**Aim of the exercise**
With the pictures removed, write out the data below exactly.

**Source material**
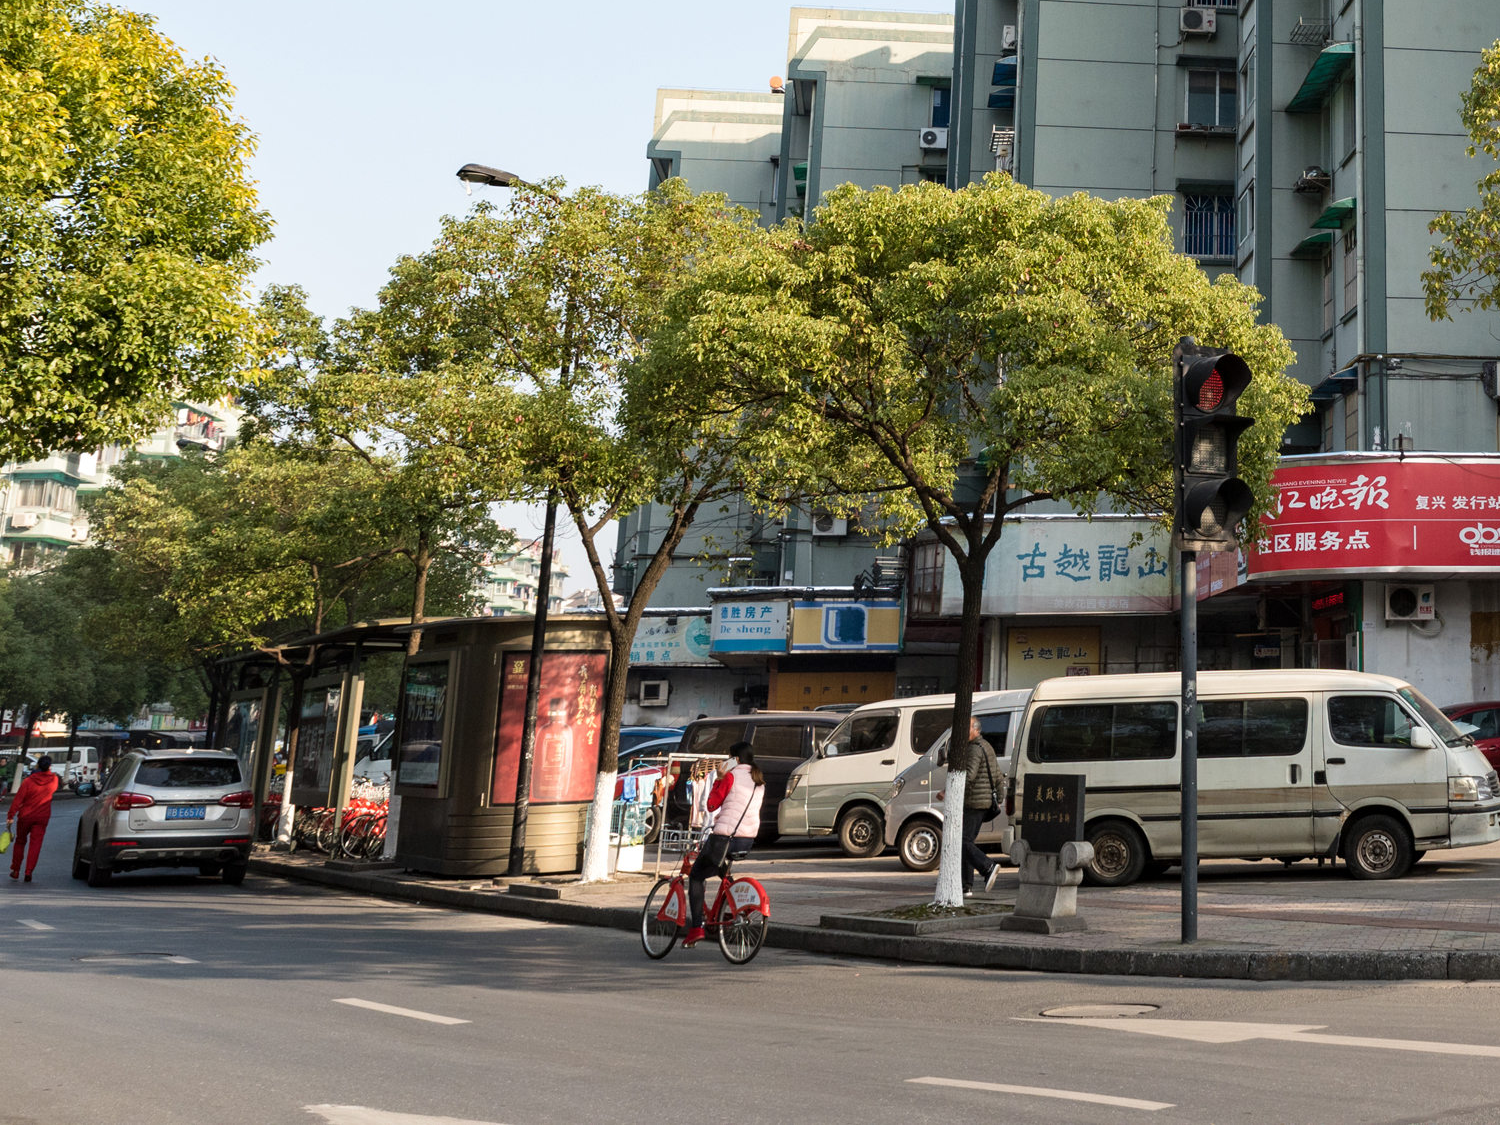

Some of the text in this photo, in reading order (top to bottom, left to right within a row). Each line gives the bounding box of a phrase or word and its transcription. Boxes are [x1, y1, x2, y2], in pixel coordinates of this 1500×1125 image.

[1415, 495, 1446, 510] 复兴
[1258, 530, 1371, 555] 社区服务点
[720, 605, 773, 619] 德胜房产
[720, 624, 732, 634] De
[736, 624, 772, 636] sheng
[630, 650, 671, 662] 销售点
[803, 685, 868, 695] 房产抵押
[1035, 784, 1066, 803] 美政桥
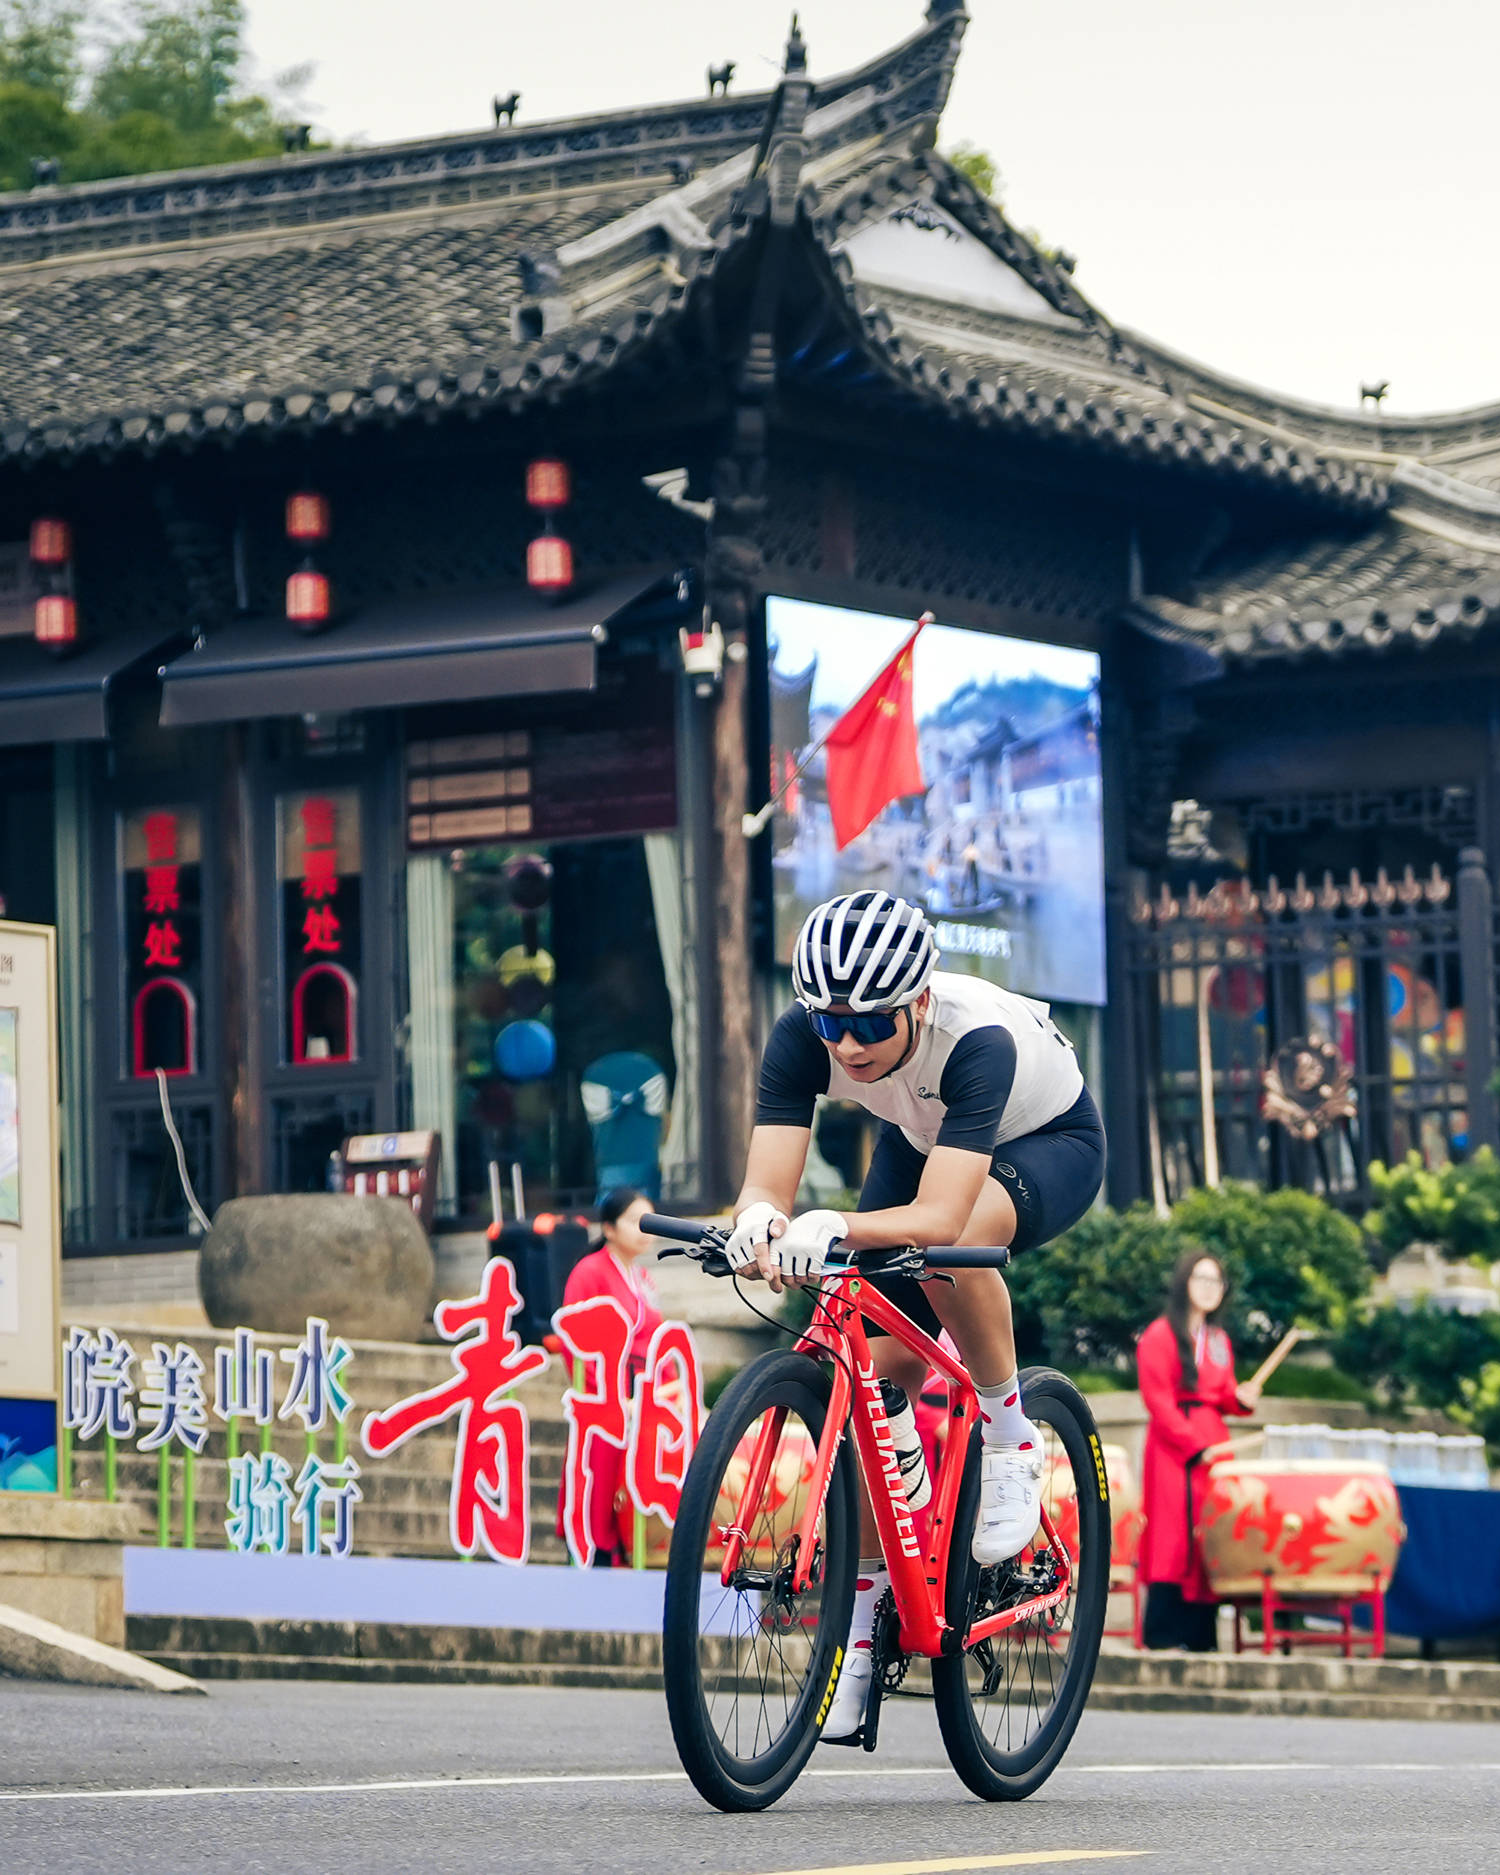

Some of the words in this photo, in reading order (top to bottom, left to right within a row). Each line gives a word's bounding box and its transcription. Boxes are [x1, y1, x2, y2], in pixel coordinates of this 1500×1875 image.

**Your solution**
Some of the text in this photo, in reading order (top to bottom, left to right within a row). Each line gives the bounding box of a phrase or word and its transcription. Boxes are [x1, y1, x2, y2], in pixel coordinates of this 1500×1125 image.

[1415, 495, 1446, 510] 复兴
[1258, 530, 1371, 555] 社区服务点
[720, 605, 773, 619] 德胜房产
[720, 624, 732, 634] De
[736, 624, 772, 636] sheng
[630, 650, 671, 662] 销售点
[803, 685, 868, 695] 房产抵押
[1035, 784, 1066, 803] 美政桥

Some of the words in this photo, in reading order (top to bottom, left to right within a row). Each line gives a word's bounding box and its transcription. Boxes are [x1, y1, x2, y2], in pixel coordinates of this 1500×1875 image.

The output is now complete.